======== Records ========

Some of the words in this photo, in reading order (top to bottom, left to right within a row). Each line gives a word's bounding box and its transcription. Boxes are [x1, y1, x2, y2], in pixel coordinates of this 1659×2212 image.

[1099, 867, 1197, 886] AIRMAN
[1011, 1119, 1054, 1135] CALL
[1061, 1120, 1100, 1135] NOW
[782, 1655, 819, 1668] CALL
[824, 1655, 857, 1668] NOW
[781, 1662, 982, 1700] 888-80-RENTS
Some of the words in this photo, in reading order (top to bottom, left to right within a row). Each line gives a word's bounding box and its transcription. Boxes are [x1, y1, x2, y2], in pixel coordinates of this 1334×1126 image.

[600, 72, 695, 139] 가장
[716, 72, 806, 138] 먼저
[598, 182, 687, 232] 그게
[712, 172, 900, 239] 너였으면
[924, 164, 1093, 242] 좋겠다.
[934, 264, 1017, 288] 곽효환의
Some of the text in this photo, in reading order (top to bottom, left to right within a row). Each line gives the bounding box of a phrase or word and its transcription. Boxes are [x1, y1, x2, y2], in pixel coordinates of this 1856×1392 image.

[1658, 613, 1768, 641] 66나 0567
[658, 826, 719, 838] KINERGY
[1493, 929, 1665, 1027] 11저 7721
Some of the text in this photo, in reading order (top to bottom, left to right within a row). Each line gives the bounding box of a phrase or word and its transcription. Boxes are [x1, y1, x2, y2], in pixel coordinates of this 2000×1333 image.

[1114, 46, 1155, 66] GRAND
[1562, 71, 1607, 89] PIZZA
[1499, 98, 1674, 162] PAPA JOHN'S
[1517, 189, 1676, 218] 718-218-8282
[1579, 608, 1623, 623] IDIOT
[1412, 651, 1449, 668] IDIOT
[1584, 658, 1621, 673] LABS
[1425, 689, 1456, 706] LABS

========

**Work required:** Could you print exactly the lines from the one containing "this 1334×1126 image." through the last line of the records above?

**Output below:**
Some of the words in this photo, in reading order (top to bottom, left to right within a row). Each line gives a word's bounding box and its transcription. Boxes are [x1, y1, x2, y2], in pixel coordinates of this 1334×1126 image.

[600, 72, 695, 139] 가장
[716, 72, 806, 138] 먼저
[598, 182, 687, 232] 그게
[712, 172, 900, 239] 너였으면
[924, 164, 1093, 242] 좋겠다.
[934, 264, 1017, 288] 곽효환의
Some of the text in this photo, in reading order (top to bottom, left to right within a row). Each line gives the bounding box of a phrase or word and its transcription. Boxes are [x1, y1, x2, y2], in pixel coordinates of this 1856×1392 image.

[1658, 613, 1768, 641] 66나 0567
[658, 826, 719, 838] KINERGY
[1493, 929, 1665, 1027] 11저 7721
Some of the text in this photo, in reading order (top to bottom, left to right within a row). Each line gives the bounding box of a phrase or word and its transcription. Boxes are [x1, y1, x2, y2], in pixel coordinates of this 2000×1333 image.

[1114, 46, 1155, 66] GRAND
[1562, 71, 1607, 89] PIZZA
[1499, 98, 1674, 162] PAPA JOHN'S
[1517, 189, 1676, 218] 718-218-8282
[1579, 608, 1623, 623] IDIOT
[1412, 651, 1449, 668] IDIOT
[1584, 658, 1621, 673] LABS
[1425, 689, 1456, 706] LABS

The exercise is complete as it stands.